------ Records for this task ------
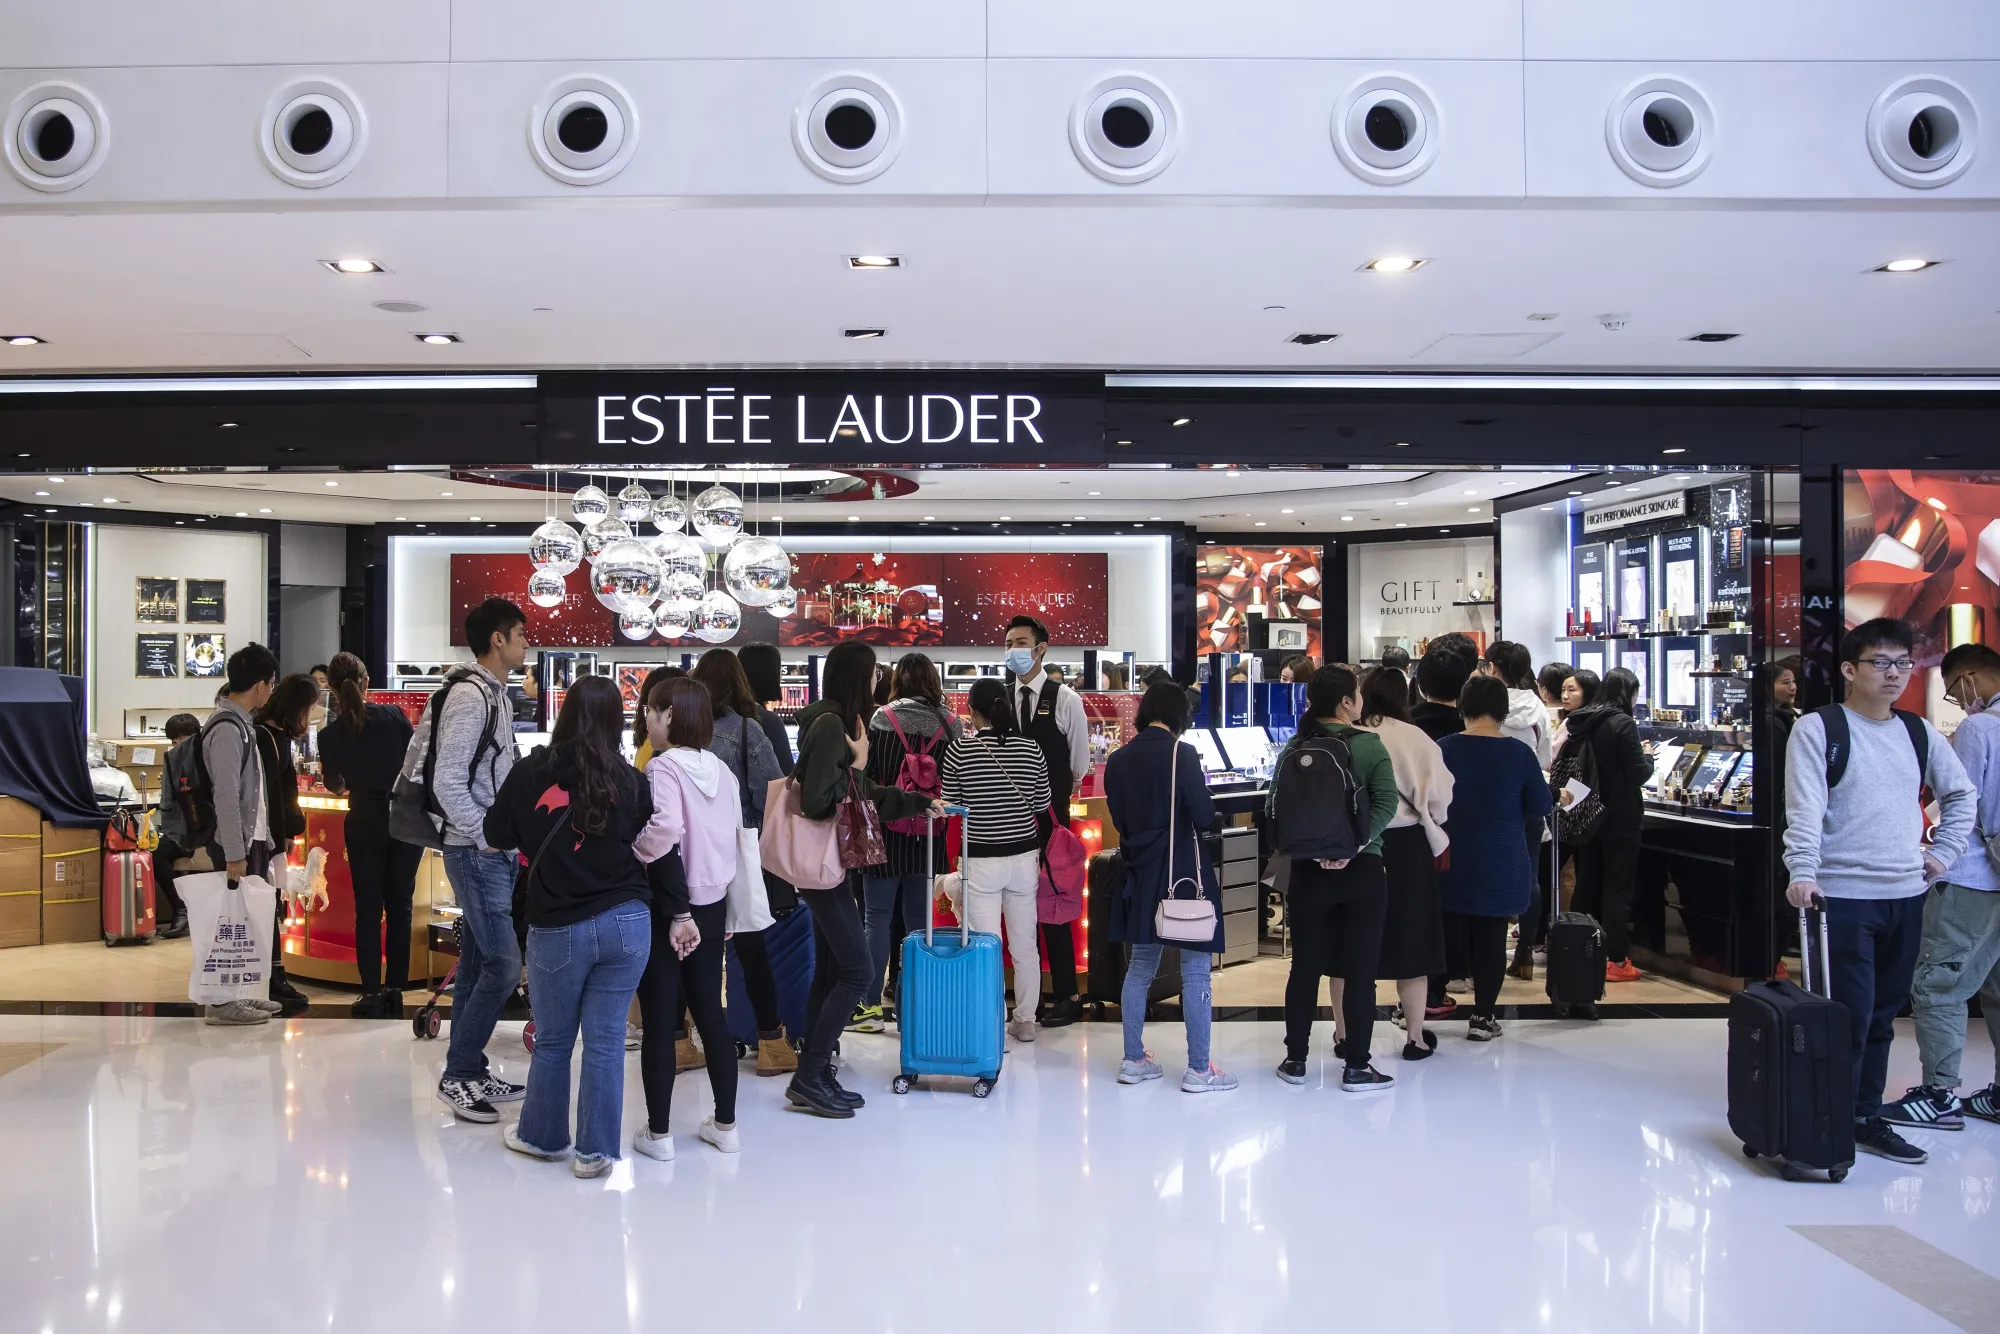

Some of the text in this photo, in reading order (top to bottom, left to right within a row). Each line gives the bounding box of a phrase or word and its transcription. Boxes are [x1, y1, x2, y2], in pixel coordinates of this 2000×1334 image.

[796, 393, 1044, 445] LAUDER
[1586, 497, 1680, 525] HIGH PERFORMANCE SKINCARE
[1021, 593, 1075, 605] LAUDER
[1381, 580, 1441, 603] GIFT
[1380, 605, 1442, 615] BEAUTIFULLY
------
• Task prompt
The whole listing must be transcribed exactly. No pictures belong in the copy.

• Solution for this exercise
Some of the text in this photo, in reading order (top to bottom, left to right within a row). Each line gives the bounding box of a phrase or word and its transcription. Boxes are [x1, y1, x2, y2], in pixel coordinates of this 2000×1334 image.

[796, 393, 1044, 445] LAUDER
[1586, 497, 1680, 525] HIGH PERFORMANCE SKINCARE
[1021, 593, 1075, 605] LAUDER
[1381, 580, 1441, 603] GIFT
[1380, 605, 1442, 615] BEAUTIFULLY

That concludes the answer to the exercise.